Itokichi as a Battle with Herself

When asked what her biggest challenges were in operating her own restaurant, she laughed and pointed at herself. "For me, it's myself,” she said. “I dislike when my own personality and actions hinder me from succeeding. It's not so much a mood thing, but more about my character. I dislike my lack of perseverance or the fact that I'm not putting in enough effort, that I could do better but I often slack off. It's a constant struggle against the realization that I am someone who can't do certain things."

Yabe-san has a thick notebook called the "Hobonichi-techo" (Life Book), which she affectionately refers to as her "brain" and has jotted down countless ideas for developing the weekly menu, reflecting her strong attachment to Itokichi. Despite a cheerful and confident exterior that customers enjoy, Yabe-san is secretly a perfectionist who ruminates about her cuisine and her business. "I use a weekly spreadsheet of my beloved Hobonichi Techo,” she said. “I use one spreadsheet per week for menu planning, making sure not to repeat dishes. In the past, there were customers who came every day, but now there are those who come every week, and I want them to try different dishes as much as possible. So, I think about it and sometimes ideas come to me quickly, but when they don't, I keep revising and refining."

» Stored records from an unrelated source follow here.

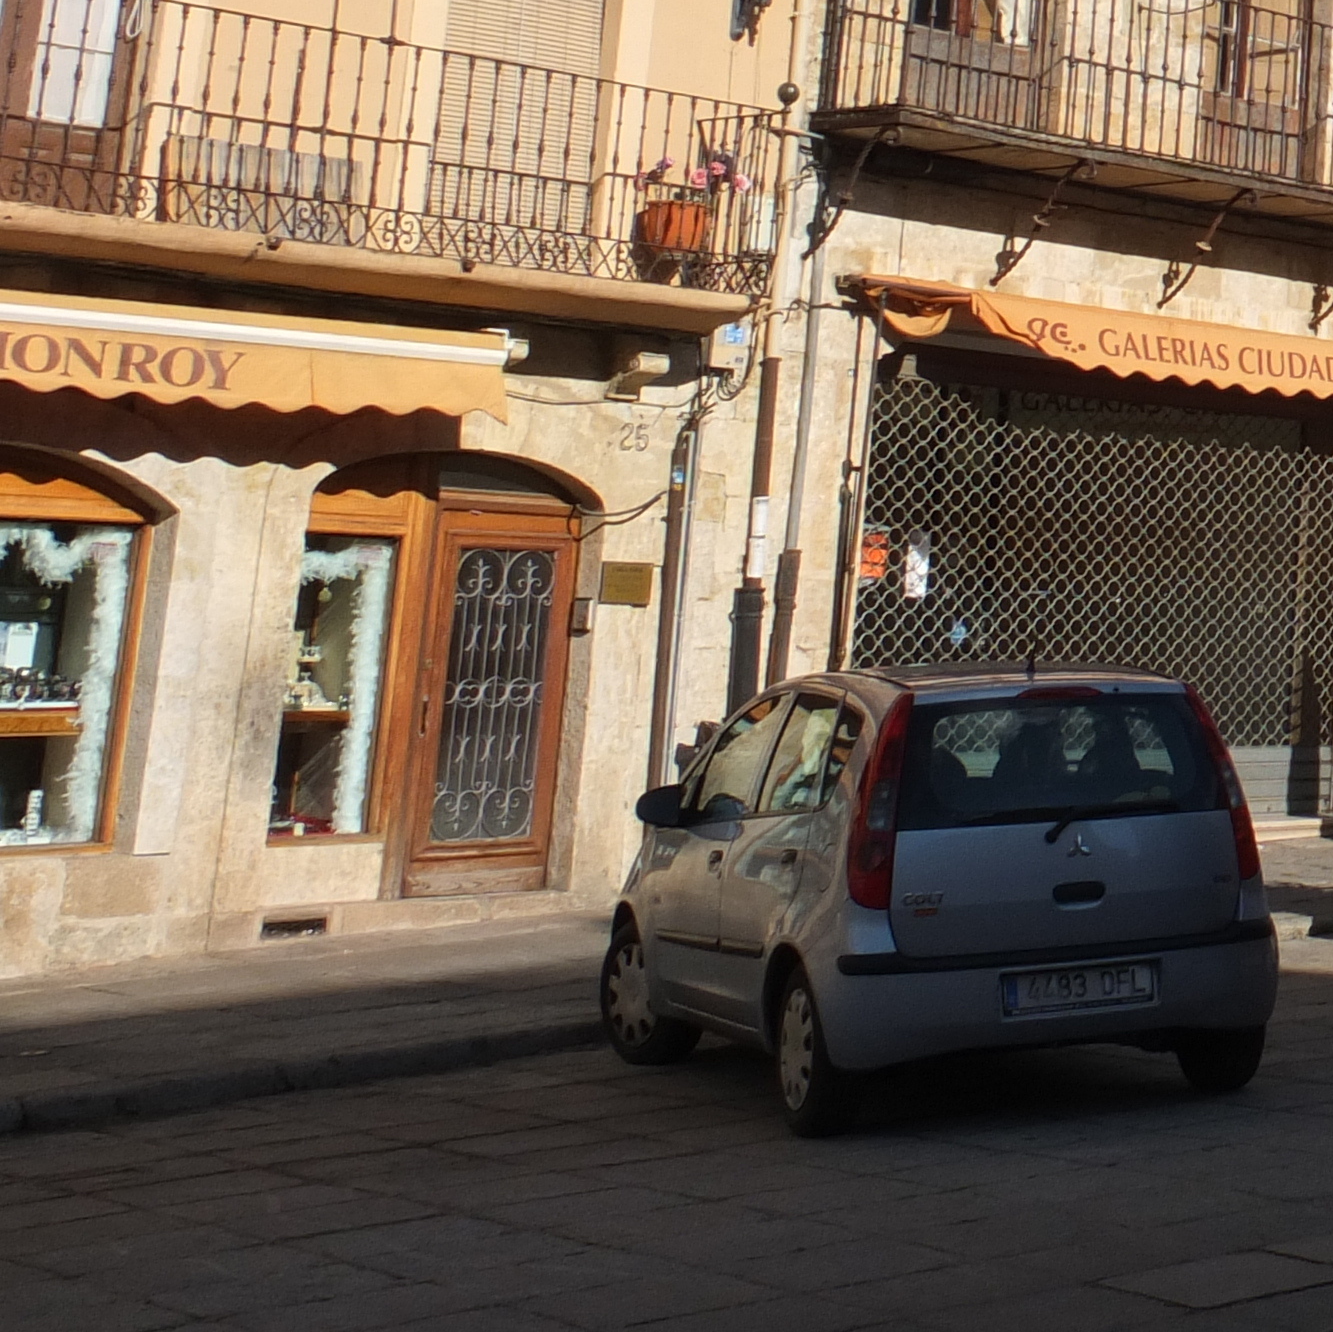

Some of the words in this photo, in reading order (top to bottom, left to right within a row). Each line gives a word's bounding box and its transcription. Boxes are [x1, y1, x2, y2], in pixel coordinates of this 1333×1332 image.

[1098, 327, 1231, 372] GALERIAS
[619, 421, 650, 452] 25
[902, 891, 945, 907] COLT
[1101, 967, 1146, 996] DFL
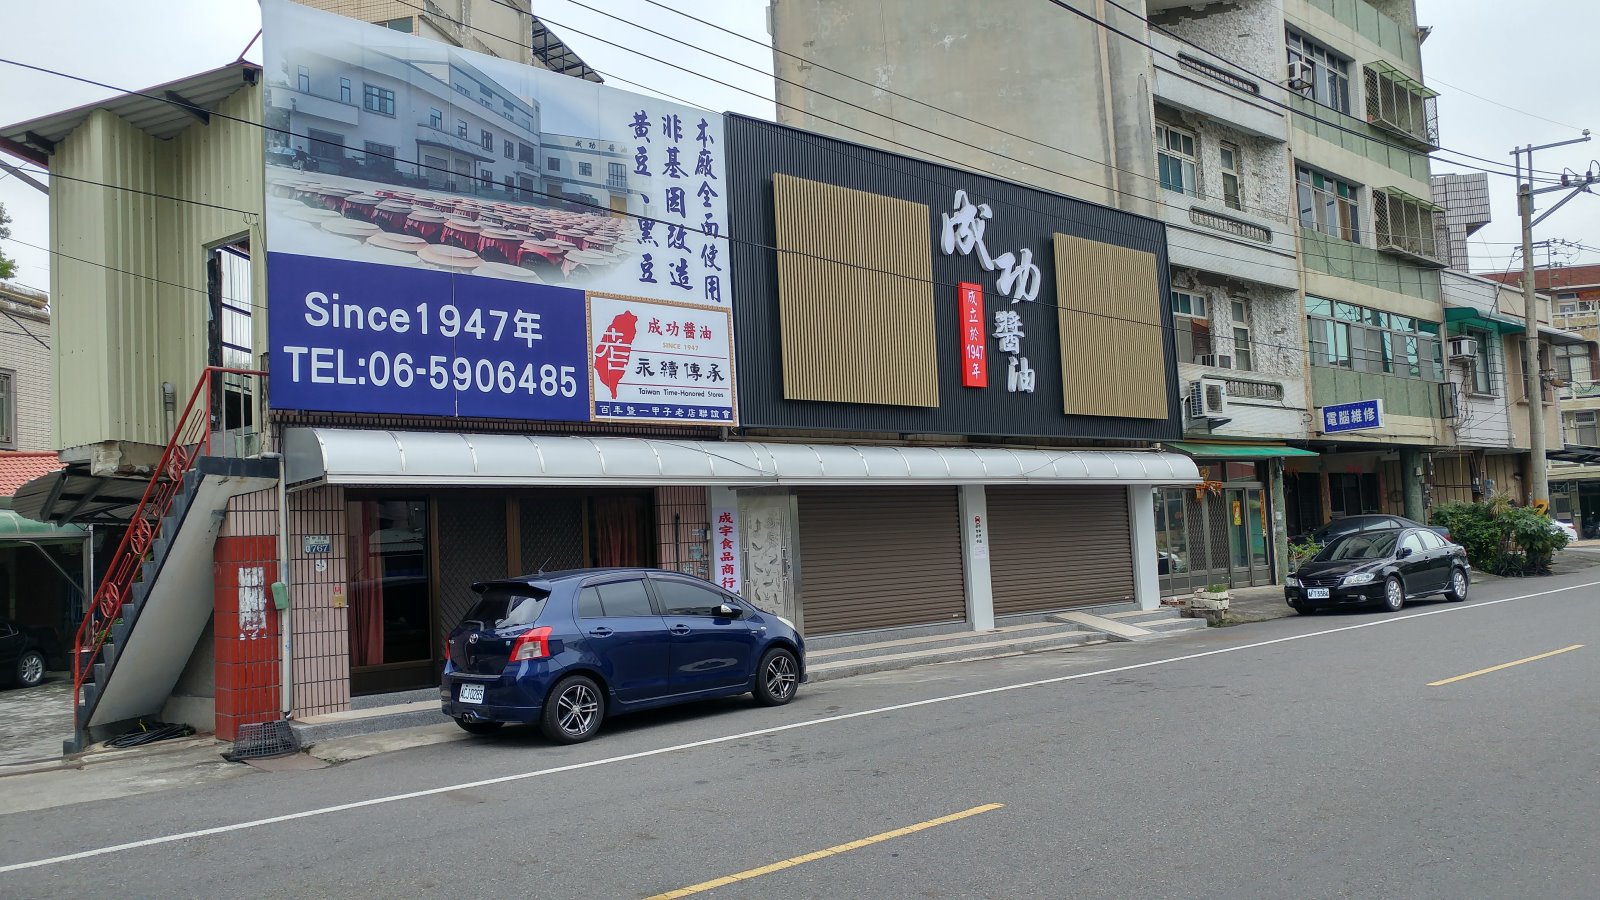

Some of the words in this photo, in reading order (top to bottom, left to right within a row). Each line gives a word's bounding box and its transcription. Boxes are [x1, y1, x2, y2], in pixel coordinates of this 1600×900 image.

[647, 317, 712, 340] 成功醬油
[283, 345, 577, 397] TEL:06-5906485
[636, 358, 725, 382] 永續傳承
[638, 387, 660, 396] Taiwan
[663, 388, 705, 397] Time-Honored
[707, 390, 724, 398] Stores
[1326, 407, 1375, 426] 電腦維修
[312, 544, 329, 553] 767
[718, 512, 736, 589] 成宇食品商行

Through daily planning for her dishes and managing the restaurant, Yabe-san sees running Itokichi as a battle with herself. However, she feels a sense of pride in what she has accomplished over the past eleven years.


"Thanks to good fortune, I have done everything I wanted to do,” she said. "For example, the first thing was being able to 'do everything by myself,' including serving customers, procurement, cooking, and all the aspects of running the business. Then, it was also about having 'regular customers.' Without them, the business would fail (laughs). Next, it was about being able to 'pay my staff a proper salary,' so I started hiring employees."


"When I was young, I had considered expanding to multiple locations. So, I tried hiring a full-time male chef, thinking I could take up that challenge. But it revealed that I lacked the skills for managing multiple locations (laughs). That's when I realized that I'm not suited for running multiple establishments. So, I decided to continue steadily, and there is still a male staff member [Ryu-san] who has been working with me. He used to be someone who had no connection to the food and beverage industry, rarely drank alcohol, and only had a drink or two when going out with friends. But now, he's able to handle wine procurement as well. 'Nurturing people' was another bit of a goal for me, and thanks to that, I believe I have been able to foster his growth…. I feel a bit lost now that my list has come to an end. I don't have a goal anymore, and it's a bit troubling (laughs).”


Many Nishiogi bar and restaurant owners, both men and women, have escaped the corporate world to seek self-expression and self-determination in gastronomy. Yabe-san’s story points out how much harder both worlds – corporate work and gastronomy – are for women. Gastronomy has long been a male-dominated field in Japan as well. Yet, Yabe-san has succeeded in creating her own oasis of conviviality and smart conversation in this quirky space of Nishiogi. Naturally, women are particularly attracted to the space, as are any Nishiogi men who enjoy a good glass of wine, and friendly banter with a philosophical barkeep. (James Farrer and Nagiko Shimooka Sept. 10, 2023).